The plugin/Live/standAloneFiles/saveDVR.json.php file uses the webSiteRootURL parameter in a file_get_contents() call without any authentication or URL validation. This allows an unauthenticated attacker to trigger arbitrary outbound HTTP requests from the server.

This SSRF vulnerability poses a significant risk to internal infrastructure. Attackers can bypass firewalls to scan internal ports, access metadata services (such as AWS IMDS), or interact with internal APIs that are not exposed to the internet. The CVSS score of 9.1 reflects the high potential for lateral movement and internal data exfiltration.

Immediate Action: Update WWBN AVideo to version 26.0 or later, which includes necessary origin validation and URL allowlisting.

Proactive Monitoring: Monitor egress traffic from the AVideo server for unusual requests to internal IP ranges (e.g., 10.0.0.0/8, 192.168.0.0/16) or cloud provider metadata endpoints.

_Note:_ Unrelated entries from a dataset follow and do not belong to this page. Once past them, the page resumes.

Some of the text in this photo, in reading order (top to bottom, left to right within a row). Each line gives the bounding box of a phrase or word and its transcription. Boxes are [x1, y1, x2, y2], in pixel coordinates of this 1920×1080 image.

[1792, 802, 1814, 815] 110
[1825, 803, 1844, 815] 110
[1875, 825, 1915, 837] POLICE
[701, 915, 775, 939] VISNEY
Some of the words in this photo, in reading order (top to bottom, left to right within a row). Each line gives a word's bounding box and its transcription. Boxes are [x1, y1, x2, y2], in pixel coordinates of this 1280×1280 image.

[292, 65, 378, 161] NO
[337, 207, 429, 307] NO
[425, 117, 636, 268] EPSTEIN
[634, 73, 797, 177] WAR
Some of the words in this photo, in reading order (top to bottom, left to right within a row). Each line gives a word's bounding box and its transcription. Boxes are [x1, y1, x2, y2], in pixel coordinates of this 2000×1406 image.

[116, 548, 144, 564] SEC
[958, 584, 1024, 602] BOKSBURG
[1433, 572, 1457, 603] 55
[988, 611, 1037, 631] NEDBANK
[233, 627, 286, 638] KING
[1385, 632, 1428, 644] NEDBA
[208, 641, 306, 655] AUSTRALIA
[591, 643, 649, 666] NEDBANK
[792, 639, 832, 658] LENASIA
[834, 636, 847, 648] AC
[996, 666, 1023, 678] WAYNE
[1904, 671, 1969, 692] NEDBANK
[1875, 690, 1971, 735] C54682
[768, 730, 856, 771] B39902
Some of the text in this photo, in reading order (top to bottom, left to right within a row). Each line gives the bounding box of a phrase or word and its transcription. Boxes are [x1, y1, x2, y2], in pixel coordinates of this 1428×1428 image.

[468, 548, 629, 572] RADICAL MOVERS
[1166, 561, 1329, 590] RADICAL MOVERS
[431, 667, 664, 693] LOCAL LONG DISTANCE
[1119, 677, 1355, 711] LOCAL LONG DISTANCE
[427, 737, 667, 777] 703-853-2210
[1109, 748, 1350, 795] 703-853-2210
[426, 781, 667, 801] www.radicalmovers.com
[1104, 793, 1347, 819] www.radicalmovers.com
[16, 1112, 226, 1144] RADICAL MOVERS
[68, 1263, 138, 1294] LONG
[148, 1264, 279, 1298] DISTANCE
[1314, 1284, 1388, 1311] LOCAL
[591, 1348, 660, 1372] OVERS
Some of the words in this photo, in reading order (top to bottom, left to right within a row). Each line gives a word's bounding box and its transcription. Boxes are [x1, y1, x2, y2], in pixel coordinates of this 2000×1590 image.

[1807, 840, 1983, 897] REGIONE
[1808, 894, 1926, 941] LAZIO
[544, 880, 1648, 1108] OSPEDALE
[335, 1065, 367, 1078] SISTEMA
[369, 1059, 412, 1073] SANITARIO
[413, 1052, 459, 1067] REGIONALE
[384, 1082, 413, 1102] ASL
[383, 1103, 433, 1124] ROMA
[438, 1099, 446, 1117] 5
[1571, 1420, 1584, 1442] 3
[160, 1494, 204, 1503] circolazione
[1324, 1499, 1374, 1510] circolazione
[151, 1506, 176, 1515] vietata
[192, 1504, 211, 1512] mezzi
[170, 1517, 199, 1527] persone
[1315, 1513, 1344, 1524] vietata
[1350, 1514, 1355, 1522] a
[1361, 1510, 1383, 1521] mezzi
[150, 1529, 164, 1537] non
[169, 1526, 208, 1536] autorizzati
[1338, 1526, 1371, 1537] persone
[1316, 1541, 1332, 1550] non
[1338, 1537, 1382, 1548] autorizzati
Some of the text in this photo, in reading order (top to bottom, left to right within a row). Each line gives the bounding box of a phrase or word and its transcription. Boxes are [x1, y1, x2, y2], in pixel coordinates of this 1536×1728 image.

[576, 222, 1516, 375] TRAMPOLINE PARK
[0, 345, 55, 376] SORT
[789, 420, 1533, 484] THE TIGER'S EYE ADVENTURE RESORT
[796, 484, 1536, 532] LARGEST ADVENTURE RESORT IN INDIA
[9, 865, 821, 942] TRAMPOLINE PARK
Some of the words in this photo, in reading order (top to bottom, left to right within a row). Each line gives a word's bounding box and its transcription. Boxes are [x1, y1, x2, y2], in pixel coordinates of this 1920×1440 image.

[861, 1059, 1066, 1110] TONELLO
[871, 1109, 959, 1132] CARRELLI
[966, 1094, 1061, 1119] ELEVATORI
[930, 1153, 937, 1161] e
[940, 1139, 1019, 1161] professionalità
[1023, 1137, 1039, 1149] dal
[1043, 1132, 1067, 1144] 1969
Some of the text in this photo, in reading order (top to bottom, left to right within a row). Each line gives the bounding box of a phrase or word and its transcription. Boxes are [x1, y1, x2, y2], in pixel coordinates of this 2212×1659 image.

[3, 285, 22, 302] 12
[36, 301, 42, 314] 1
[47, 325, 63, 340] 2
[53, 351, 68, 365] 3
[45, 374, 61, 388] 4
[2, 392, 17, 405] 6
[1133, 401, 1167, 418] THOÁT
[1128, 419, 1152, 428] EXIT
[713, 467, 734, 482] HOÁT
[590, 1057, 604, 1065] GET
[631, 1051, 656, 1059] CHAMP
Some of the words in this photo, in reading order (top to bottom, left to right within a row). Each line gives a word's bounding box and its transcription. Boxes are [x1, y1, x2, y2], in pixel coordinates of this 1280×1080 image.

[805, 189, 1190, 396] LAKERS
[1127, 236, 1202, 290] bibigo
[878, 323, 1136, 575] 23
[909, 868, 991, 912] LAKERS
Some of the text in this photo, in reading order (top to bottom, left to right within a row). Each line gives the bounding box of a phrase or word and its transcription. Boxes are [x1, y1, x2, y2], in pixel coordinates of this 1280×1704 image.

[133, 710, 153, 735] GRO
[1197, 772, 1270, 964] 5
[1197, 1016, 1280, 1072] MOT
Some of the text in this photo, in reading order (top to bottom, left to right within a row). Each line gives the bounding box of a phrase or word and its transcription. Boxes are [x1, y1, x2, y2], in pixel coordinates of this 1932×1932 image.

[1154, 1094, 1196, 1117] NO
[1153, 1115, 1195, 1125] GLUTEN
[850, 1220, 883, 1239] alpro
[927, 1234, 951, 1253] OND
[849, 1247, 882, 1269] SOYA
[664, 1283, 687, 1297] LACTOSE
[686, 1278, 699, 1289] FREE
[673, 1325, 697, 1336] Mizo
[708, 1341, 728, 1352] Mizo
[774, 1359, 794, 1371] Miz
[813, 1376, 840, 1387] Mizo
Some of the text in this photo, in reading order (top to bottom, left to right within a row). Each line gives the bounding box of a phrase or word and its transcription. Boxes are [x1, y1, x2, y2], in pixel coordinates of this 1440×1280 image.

Compensating Controls: Implement strict outbound firewall rules (Egress Filtering) to prevent the web server from initiating connections to sensitive internal network segments.

Public Exploit Available: false

Given the critical nature of SSRF in modern infrastructure, this vulnerability should be remediated immediately. Updating to version 26.0 is the only way to ensure the code properly validates request origins. Administrators should also ensure the server follows the principle of least privilege regarding network access.